INFORMATION:
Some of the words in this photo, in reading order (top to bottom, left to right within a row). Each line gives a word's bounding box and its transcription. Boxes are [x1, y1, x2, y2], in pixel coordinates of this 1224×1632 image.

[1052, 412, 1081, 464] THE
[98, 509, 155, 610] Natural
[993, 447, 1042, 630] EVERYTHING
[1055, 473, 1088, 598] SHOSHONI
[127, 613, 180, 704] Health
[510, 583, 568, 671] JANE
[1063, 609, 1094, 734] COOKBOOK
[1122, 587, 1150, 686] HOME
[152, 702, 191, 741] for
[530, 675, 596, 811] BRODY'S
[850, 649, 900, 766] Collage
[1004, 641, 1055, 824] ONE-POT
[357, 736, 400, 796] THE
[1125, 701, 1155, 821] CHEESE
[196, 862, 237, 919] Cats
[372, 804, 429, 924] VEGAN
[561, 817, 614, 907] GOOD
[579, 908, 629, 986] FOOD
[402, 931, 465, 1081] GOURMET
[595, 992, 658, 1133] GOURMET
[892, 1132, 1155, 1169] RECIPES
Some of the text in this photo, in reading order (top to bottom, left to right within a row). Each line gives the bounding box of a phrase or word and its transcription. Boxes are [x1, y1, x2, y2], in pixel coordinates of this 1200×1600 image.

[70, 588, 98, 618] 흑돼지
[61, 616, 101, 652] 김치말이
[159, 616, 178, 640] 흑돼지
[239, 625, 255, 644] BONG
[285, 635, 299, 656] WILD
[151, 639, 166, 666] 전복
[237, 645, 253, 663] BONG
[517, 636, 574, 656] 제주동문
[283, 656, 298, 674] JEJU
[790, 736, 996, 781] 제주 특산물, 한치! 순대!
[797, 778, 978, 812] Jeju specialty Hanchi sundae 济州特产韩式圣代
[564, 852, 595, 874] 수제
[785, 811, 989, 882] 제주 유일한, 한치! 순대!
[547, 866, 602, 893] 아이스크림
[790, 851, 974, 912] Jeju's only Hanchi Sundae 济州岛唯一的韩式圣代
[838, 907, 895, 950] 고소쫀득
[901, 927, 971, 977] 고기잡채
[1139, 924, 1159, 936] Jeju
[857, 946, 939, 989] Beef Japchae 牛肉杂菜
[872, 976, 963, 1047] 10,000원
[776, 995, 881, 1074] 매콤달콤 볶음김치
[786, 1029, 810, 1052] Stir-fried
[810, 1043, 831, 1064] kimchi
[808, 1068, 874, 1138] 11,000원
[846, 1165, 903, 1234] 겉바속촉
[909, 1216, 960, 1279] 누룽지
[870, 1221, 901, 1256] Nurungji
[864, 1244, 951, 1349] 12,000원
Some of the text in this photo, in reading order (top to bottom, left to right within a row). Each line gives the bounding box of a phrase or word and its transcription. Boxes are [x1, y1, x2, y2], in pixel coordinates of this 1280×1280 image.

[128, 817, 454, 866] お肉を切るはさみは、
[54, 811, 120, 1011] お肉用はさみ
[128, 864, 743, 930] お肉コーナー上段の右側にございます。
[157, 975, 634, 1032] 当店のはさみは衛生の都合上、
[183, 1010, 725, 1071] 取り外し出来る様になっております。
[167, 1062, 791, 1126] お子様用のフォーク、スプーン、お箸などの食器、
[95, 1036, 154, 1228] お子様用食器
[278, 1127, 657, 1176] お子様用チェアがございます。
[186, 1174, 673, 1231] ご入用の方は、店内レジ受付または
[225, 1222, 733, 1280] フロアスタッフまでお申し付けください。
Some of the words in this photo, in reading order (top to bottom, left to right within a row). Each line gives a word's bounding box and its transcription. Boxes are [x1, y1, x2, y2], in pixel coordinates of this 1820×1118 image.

YOUR INSTRUCTIONS: Only the lines from the one containing "this 1200×1600 image." through the final line of the data belong in the answer, repeated exactly.

OUTPUT:
Some of the text in this photo, in reading order (top to bottom, left to right within a row). Each line gives the bounding box of a phrase or word and its transcription. Boxes are [x1, y1, x2, y2], in pixel coordinates of this 1200×1600 image.

[70, 588, 98, 618] 흑돼지
[61, 616, 101, 652] 김치말이
[159, 616, 178, 640] 흑돼지
[239, 625, 255, 644] BONG
[285, 635, 299, 656] WILD
[151, 639, 166, 666] 전복
[237, 645, 253, 663] BONG
[517, 636, 574, 656] 제주동문
[283, 656, 298, 674] JEJU
[790, 736, 996, 781] 제주 특산물, 한치! 순대!
[797, 778, 978, 812] Jeju specialty Hanchi sundae 济州特产韩式圣代
[564, 852, 595, 874] 수제
[785, 811, 989, 882] 제주 유일한, 한치! 순대!
[547, 866, 602, 893] 아이스크림
[790, 851, 974, 912] Jeju's only Hanchi Sundae 济州岛唯一的韩式圣代
[838, 907, 895, 950] 고소쫀득
[901, 927, 971, 977] 고기잡채
[1139, 924, 1159, 936] Jeju
[857, 946, 939, 989] Beef Japchae 牛肉杂菜
[872, 976, 963, 1047] 10,000원
[776, 995, 881, 1074] 매콤달콤 볶음김치
[786, 1029, 810, 1052] Stir-fried
[810, 1043, 831, 1064] kimchi
[808, 1068, 874, 1138] 11,000원
[846, 1165, 903, 1234] 겉바속촉
[909, 1216, 960, 1279] 누룽지
[870, 1221, 901, 1256] Nurungji
[864, 1244, 951, 1349] 12,000원
Some of the text in this photo, in reading order (top to bottom, left to right within a row). Each line gives the bounding box of a phrase or word and its transcription. Boxes are [x1, y1, x2, y2], in pixel coordinates of this 1280×1280 image.

[128, 817, 454, 866] お肉を切るはさみは、
[54, 811, 120, 1011] お肉用はさみ
[128, 864, 743, 930] お肉コーナー上段の右側にございます。
[157, 975, 634, 1032] 当店のはさみは衛生の都合上、
[183, 1010, 725, 1071] 取り外し出来る様になっております。
[167, 1062, 791, 1126] お子様用のフォーク、スプーン、お箸などの食器、
[95, 1036, 154, 1228] お子様用食器
[278, 1127, 657, 1176] お子様用チェアがございます。
[186, 1174, 673, 1231] ご入用の方は、店内レジ受付または
[225, 1222, 733, 1280] フロアスタッフまでお申し付けください。
Some of the words in this photo, in reading order (top to bottom, left to right within a row). Each line gives a word's bounding box and its transcription. Boxes are [x1, y1, x2, y2], in pixel coordinates of this 1820×1118 image.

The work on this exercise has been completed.